WakeCap uses mesh network technology that works with integrated sensors attached to construction helmets, according to Entrepreneur. The sensors automate the collection of data such as attendance, live location and common accidents. Co-founder and CEO Hassan Albalawi said the company hopes to expand its patent-pending technology to also include tracking tags for onsite equipment and machinery.
Workers also benefit from the technology by receiving automatic alerts when they enter predefined danger zones or unauthorized worksite areas. WakeCap also aids in worker evacuation by activating simultaneous alarms in hardhats.

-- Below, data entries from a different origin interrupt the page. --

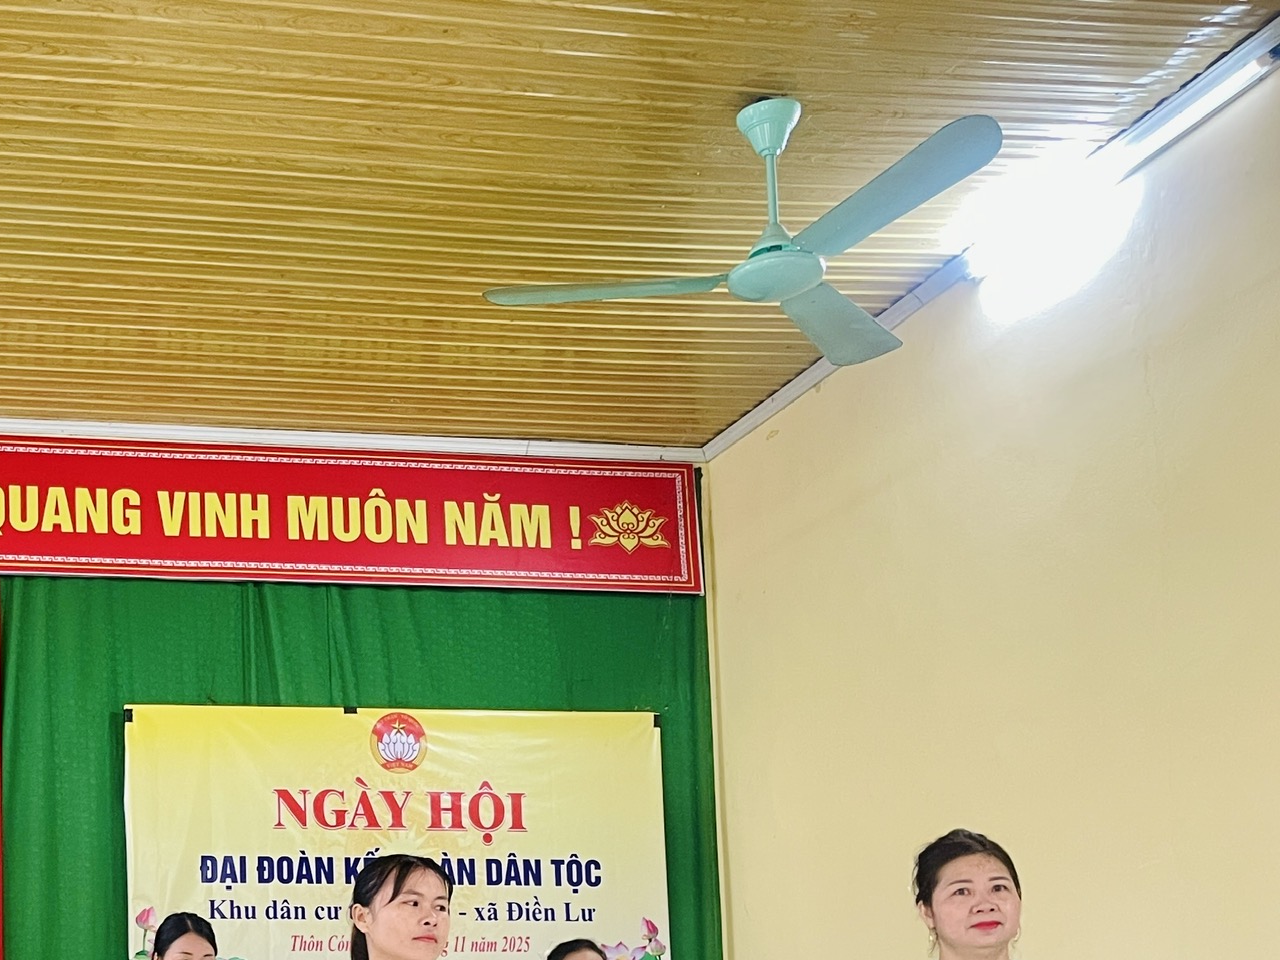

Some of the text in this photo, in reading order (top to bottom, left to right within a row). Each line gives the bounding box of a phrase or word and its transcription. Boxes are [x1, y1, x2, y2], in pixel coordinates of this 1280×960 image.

[157, 490, 270, 539] VINH
[286, 488, 428, 544] MUÔN
[444, 492, 552, 549] NĂM
[568, 505, 582, 550] !
[273, 776, 528, 846] NGÀY HỘI
[199, 855, 247, 891] ĐẠI
[256, 850, 335, 885] ĐOÀN
[439, 851, 476, 886] ÀN
[485, 852, 542, 887] DÂN
[550, 853, 602, 894] TỘC
[208, 899, 257, 920] Khu
[265, 899, 306, 920] dân
[314, 905, 342, 920] cư
[474, 902, 499, 922] xã
[506, 896, 556, 922] Điền
[564, 902, 596, 922] Lư
[291, 934, 323, 951] Thôn
[454, 936, 466, 952] 11
[471, 937, 497, 952] năm
[502, 936, 530, 952] 2025
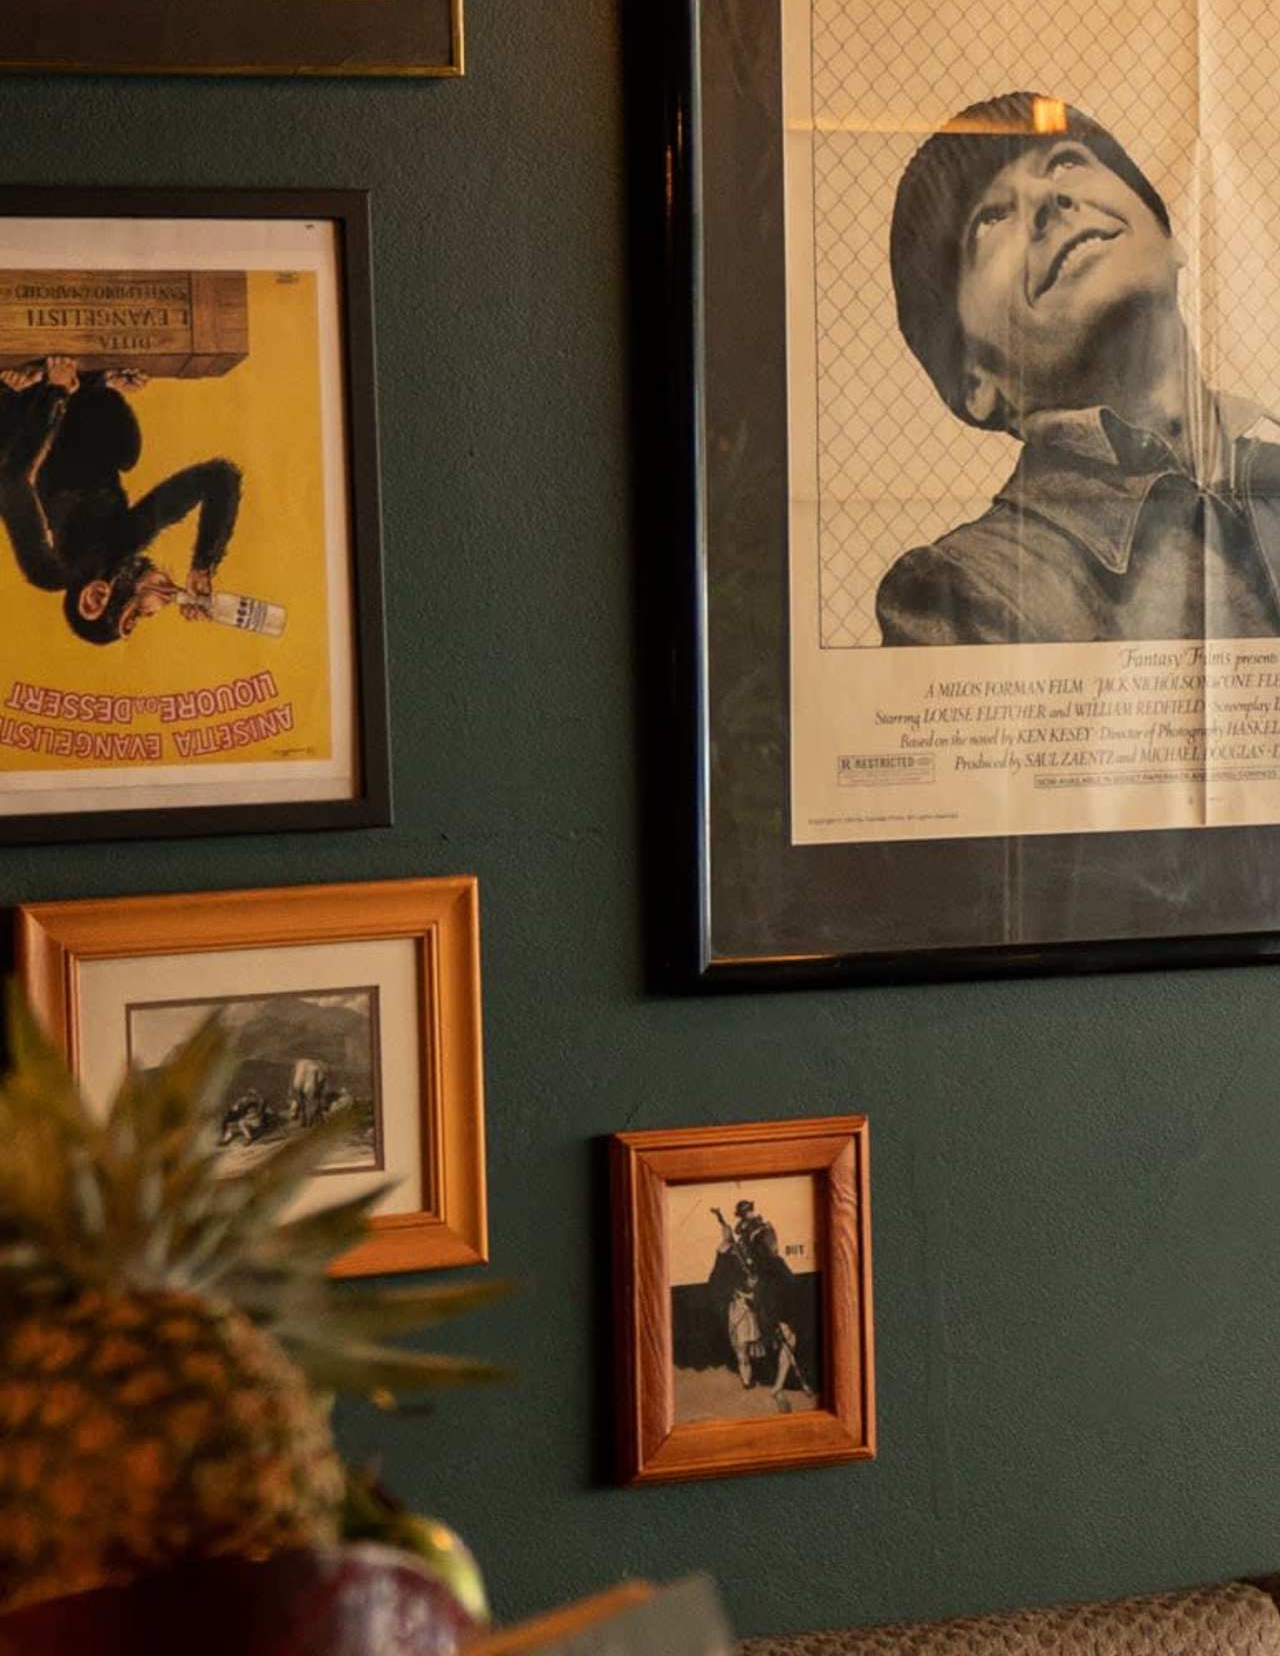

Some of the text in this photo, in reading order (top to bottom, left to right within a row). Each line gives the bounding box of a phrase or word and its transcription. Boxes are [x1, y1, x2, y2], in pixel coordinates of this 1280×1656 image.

[27, 308, 169, 328] EVANGELISTI
[159, 670, 279, 723] LIQUORE
[983, 679, 1046, 696] FORMAN
[1049, 678, 1084, 694] FILM
[5, 681, 135, 724] DESSERT
[975, 705, 1047, 723] FLETCHER
[174, 702, 295, 758] ANISETTA
[1016, 728, 1047, 744] KEN
[1048, 726, 1093, 743] KESEY

Albalawi hopes that WakeCap will serve the dual purpose of boosting construction’s productivity by efficiently and automatically collecting data, as well as optimizing worker safety.

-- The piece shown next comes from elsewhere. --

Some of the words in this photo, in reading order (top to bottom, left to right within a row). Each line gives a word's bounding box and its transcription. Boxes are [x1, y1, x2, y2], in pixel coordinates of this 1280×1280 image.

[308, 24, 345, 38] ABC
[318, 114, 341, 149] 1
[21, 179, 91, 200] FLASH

Mobile app monitors hoist cars in real time
Universal Builders Supply announced the implementation of Smart Call wireless technology in its hoist cars, according to a company release. The mobile application, which remotely monitors the location of hoist cars in real time, is being used at construction sites in Manhattan. The technology connects to hardware in the hoist cars and includes sensors that detect location and how much time is spent on each floor. Cameras provide mobile app-viewable video footage of the car’s interior.
Other features include waterproof displays in each hoist car that show call requests and a wireless emergency system for construction sites comprised of emergency boxes on each floor with a button that can be pressed if a crisis arises. That button then signals alarms in each hoist car and construction site offices and deploys a text message alert to a predetermined list of emergency responders.
Motorola introduces two-way radio
Motorola Solutions yesterday announced its WAVE Two-Way Radio TLK 100, which it says provides instant push-to-walk team communications over a nationwide LTE cellular network. The bundled solution includes radio, cellular services and software and can provide for immediate remote updating anywhere in the country, Motorola claims. It also provides communication and location tracking while meeting safe-driving requirements, can be scaled for a business’s needs and can minimize administration requirements.
Available next month, subscription offers are pay as you go by monthly or a two-year contract. Motorola purports the devices will be most useful for medium- to large-sized businesses with workers that require constant daily communication with dispatch or management, as well as for field services industries where vehicle tracking and field team communication is crucial. The device does not require a log in, has a single push-to-talk button and has a loud speaker volume.